Looking at Cancer in the Rearview Mirror
December was incredibly busy. In addition to the frenetic energy of five- and six-year-olds as they anticipated the arrival of Santa, I had what must have been an all time high number of health related appointments. My teaching schedule led up to the Friday before Christmas and with eleven appointments for my health, little time for shopping or card writing remained. Needless to say, I accomplished little in preparation for the holiday, which passed quietly and simply.
However, some very exciting things happened during December and the early days of January. In December, I had follow-up tests to monitor my progress after chemo and had mixed results from the PET/CT scan. While there was no evidence of cancer (grand shout of jubilant relief), a growth noted on my original CT scan from 2015 showed enlargement. Consequently to avoid future problems, the oncologist referred me to another specialist for a biopsy to determine the nature of the growth.
Although the oncologist recommended I take a break, enjoy the holidays, and schedule the biopsy for February or March, the office staff from the specialist’s office called, worked me into the schedule for a consult, and then scheduled me for the complicated biopsy just two days later–all before the end of the year. I think it is the only time I have ever had a health care provider work me in before the new year in order to take advantage of my deductible already being met.

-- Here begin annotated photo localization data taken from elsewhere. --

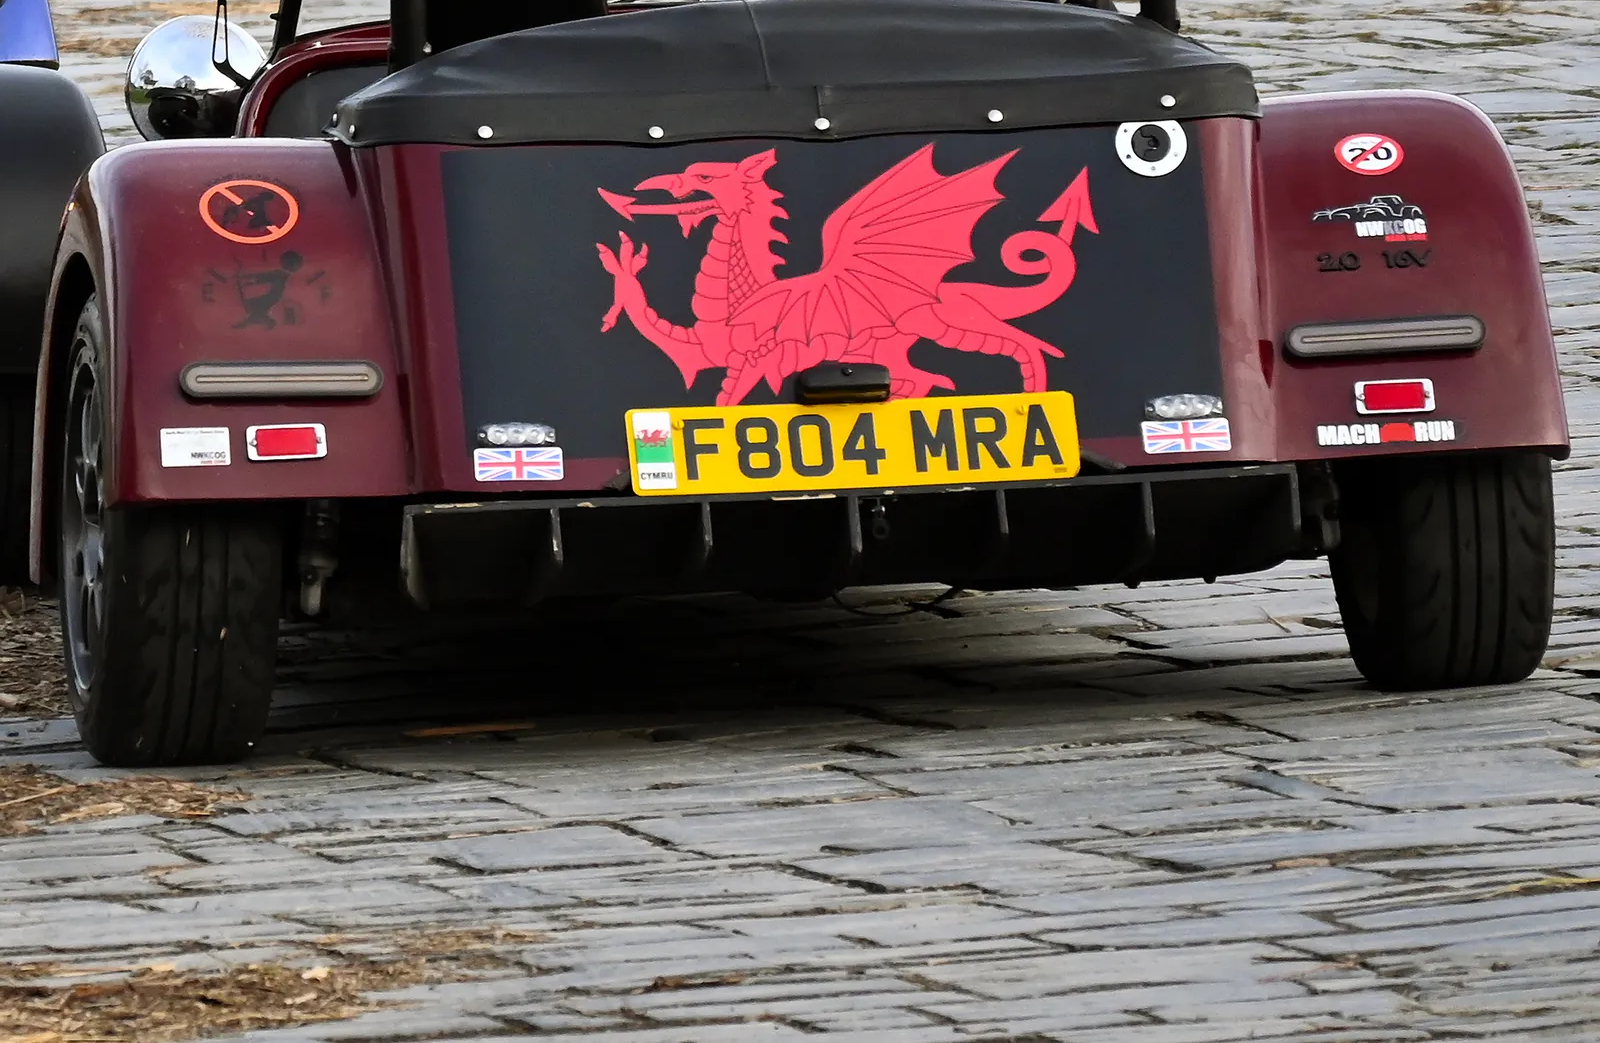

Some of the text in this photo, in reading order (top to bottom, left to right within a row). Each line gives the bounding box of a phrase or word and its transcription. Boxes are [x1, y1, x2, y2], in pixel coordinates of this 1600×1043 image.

[1348, 146, 1393, 162] 20
[1355, 218, 1427, 237] NWKCOG
[1381, 247, 1433, 269] 16V
[682, 404, 1064, 481] F804 MRA
[1317, 420, 1456, 446] MACH RUN
[640, 471, 673, 480] CYMRU

The growth turned out to be nothing worrisome. In fact, I was probably born with it, but for some reason it has gotten bigger.
Anticipating the preliminary findings of the biopsy would ultimately be confirmed and with my oncologist’s blessing, I met with the surgeon in preparation for the removal of my mediport.
With family far away and friends back to work after the holidays, I decided not to undergo general anesthesia, but instead to have my mediport removed using local anesthetic so I could drive myself to and from the hospital. As a non-emergency, outpatient procedure, mine was pushed back from 9 a.m. to 10:30 a.m., then to 1:00, and finally to 3:00 p.m. All of the staff were very kind and apologetic about the time changes, but for me the exact time of day simply did not matter.
While in surgery, everything went smoothly. When the surgeon said the mediport was out of my chest, I cried–not from pain or discomfort, but from sheer happiness.
Before Christmas when my oncologist told me he had no reservations about having my mediport removed, I was over the moon–not because the mediport caused undue discomfort, but because it symbolized the pain and uncertainty of cancer and chemotherapy. Having my mediport out heralded my return health and traversing the final length of the cancer detour.
Although for the next four and a half years I will be monitored regularly to detect any sign of cancer, I am content knowing the expectation of trained medical experts is that in 2017 and beyond, I will continue to be looking at cancer in the rearview mirror.